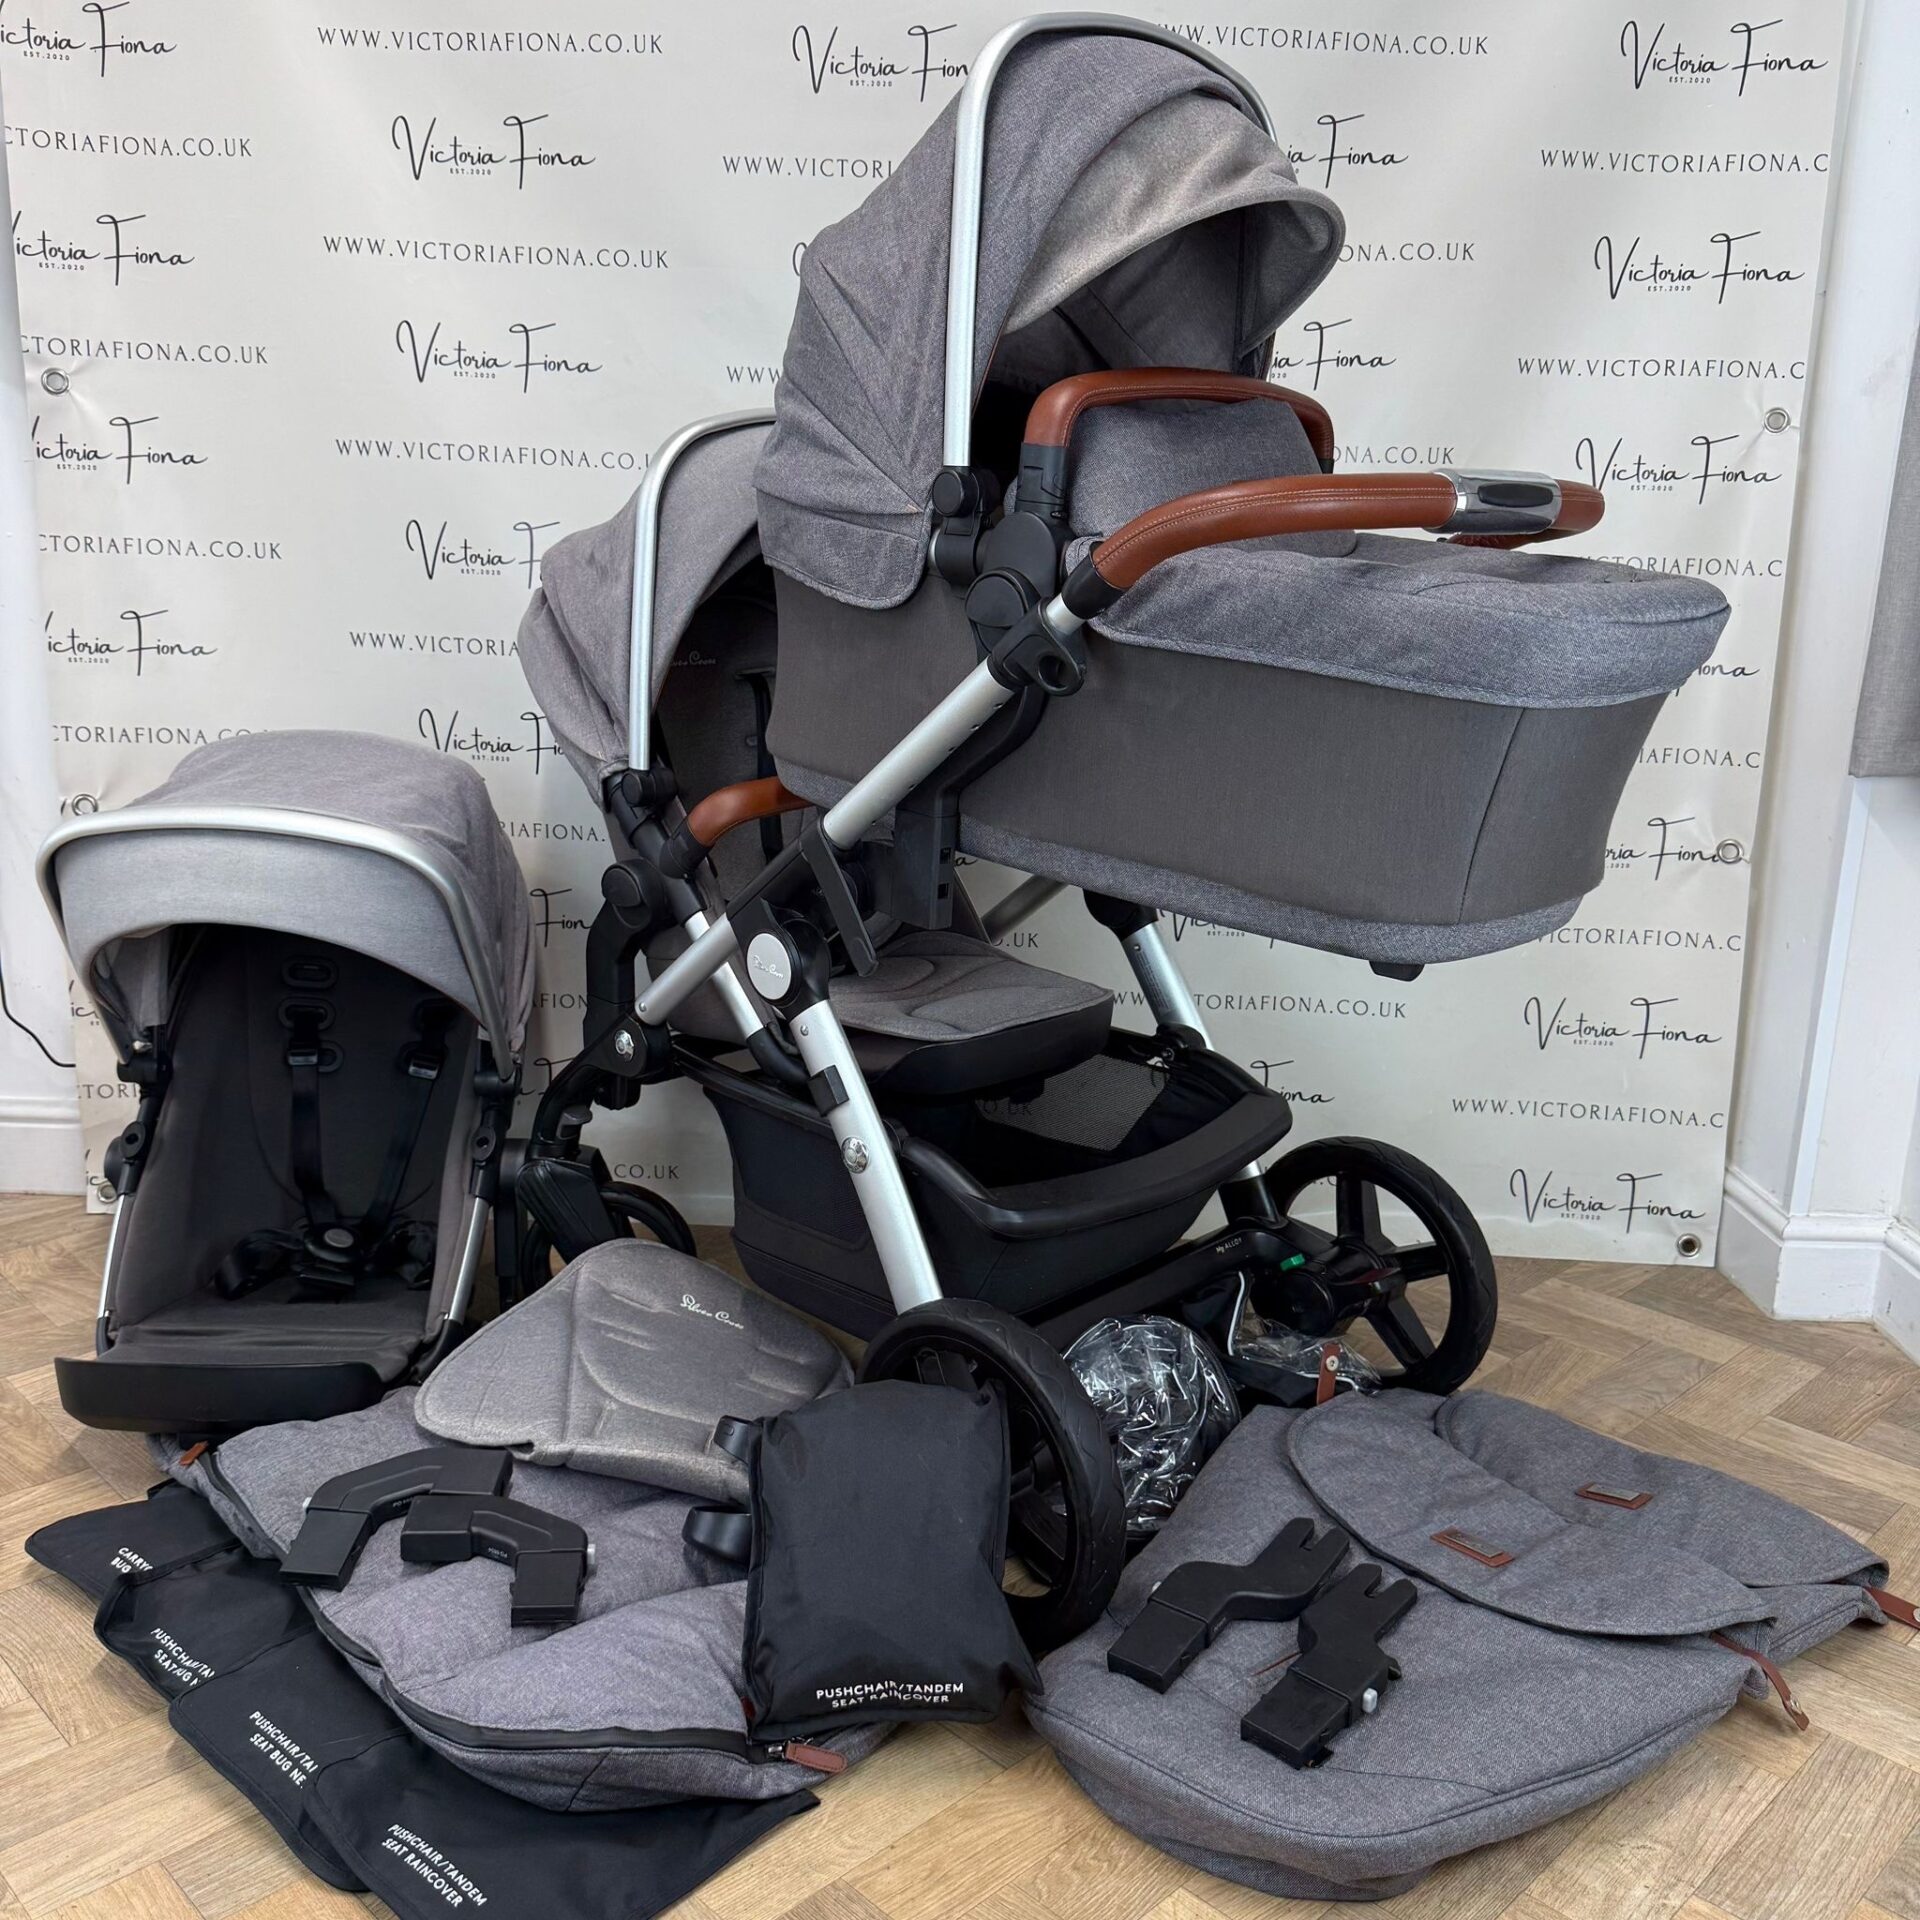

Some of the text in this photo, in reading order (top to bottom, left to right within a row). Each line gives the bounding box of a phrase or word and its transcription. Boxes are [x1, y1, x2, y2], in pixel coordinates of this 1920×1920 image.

[0, 0, 177, 77] ictoria Fiona
[23, 50, 70, 61] EST.2020
[317, 27, 664, 54] WWW.VICTORIAFIONA.CO.UK
[793, 24, 969, 102] Victoria Fion
[1164, 24, 1488, 55] W.VICTORIAFIONA.CO.UK
[1620, 19, 1829, 97] Victoria Fiona
[1669, 76, 1712, 84] EST.2020
[392, 114, 597, 190] Victoria Fiona
[449, 167, 492, 176] EST.2020
[1317, 114, 1409, 189] Fiona
[1541, 149, 1829, 173] WWW.VICTORIAFIONA.C
[12, 210, 195, 286] ictoria Fiona
[323, 236, 669, 269] WWW.VICTORIAFIONA.CO.UK
[1594, 231, 1805, 304] Victoria Fiona
[396, 320, 603, 393] Victoria Fiona
[453, 370, 496, 379] EST.2020
[1303, 318, 1397, 391] Fiona
[1518, 358, 1806, 380] WWW.VICTORIAFIONA.C
[32, 416, 208, 484] ictoria Fiona
[335, 439, 649, 470] WWW.VICTORIAFIONA.CO.
[1576, 434, 1783, 505] Victoria Fiona
[406, 520, 516, 580] Victoria
[45, 609, 218, 676] ictoria Fiona
[418, 708, 524, 753] Victoria
[1648, 816, 1720, 881] Fion
[530, 888, 592, 947] Fion
[1524, 997, 1722, 1060] Victoria Fiona
[1453, 1098, 1723, 1128] WWW.VICTORIAFIONA.C
[1510, 1168, 1706, 1234] Victoria Fiona
[816, 1680, 964, 1700] PUSHCHAIR/TANDEM
[831, 1689, 949, 1708] SEAT RAINCOVER
[249, 1733, 307, 1787] SEAT BUG NE
[381, 1838, 463, 1908] SEAT RAINCOVER
[387, 1824, 488, 1907] PUSHCHAIR/TANDEM

--- Activity ---
Although the records above include pictures, the copy must contain only their exact text.

--- Output for this exercise ---
Some of the text in this photo, in reading order (top to bottom, left to right within a row). Each line gives the bounding box of a phrase or word and its transcription. Boxes are [x1, y1, x2, y2], in pixel coordinates of this 1920×1920 image.

[0, 0, 177, 77] ictoria Fiona
[23, 50, 70, 61] EST.2020
[317, 27, 664, 54] WWW.VICTORIAFIONA.CO.UK
[793, 24, 969, 102] Victoria Fion
[1164, 24, 1488, 55] W.VICTORIAFIONA.CO.UK
[1620, 19, 1829, 97] Victoria Fiona
[1669, 76, 1712, 84] EST.2020
[392, 114, 597, 190] Victoria Fiona
[449, 167, 492, 176] EST.2020
[1317, 114, 1409, 189] Fiona
[1541, 149, 1829, 173] WWW.VICTORIAFIONA.C
[12, 210, 195, 286] ictoria Fiona
[323, 236, 669, 269] WWW.VICTORIAFIONA.CO.UK
[1594, 231, 1805, 304] Victoria Fiona
[396, 320, 603, 393] Victoria Fiona
[453, 370, 496, 379] EST.2020
[1303, 318, 1397, 391] Fiona
[1518, 358, 1806, 380] WWW.VICTORIAFIONA.C
[32, 416, 208, 484] ictoria Fiona
[335, 439, 649, 470] WWW.VICTORIAFIONA.CO.
[1576, 434, 1783, 505] Victoria Fiona
[406, 520, 516, 580] Victoria
[45, 609, 218, 676] ictoria Fiona
[418, 708, 524, 753] Victoria
[1648, 816, 1720, 881] Fion
[530, 888, 592, 947] Fion
[1524, 997, 1722, 1060] Victoria Fiona
[1453, 1098, 1723, 1128] WWW.VICTORIAFIONA.C
[1510, 1168, 1706, 1234] Victoria Fiona
[816, 1680, 964, 1700] PUSHCHAIR/TANDEM
[831, 1689, 949, 1708] SEAT RAINCOVER
[249, 1733, 307, 1787] SEAT BUG NE
[381, 1838, 463, 1908] SEAT RAINCOVER
[387, 1824, 488, 1907] PUSHCHAIR/TANDEM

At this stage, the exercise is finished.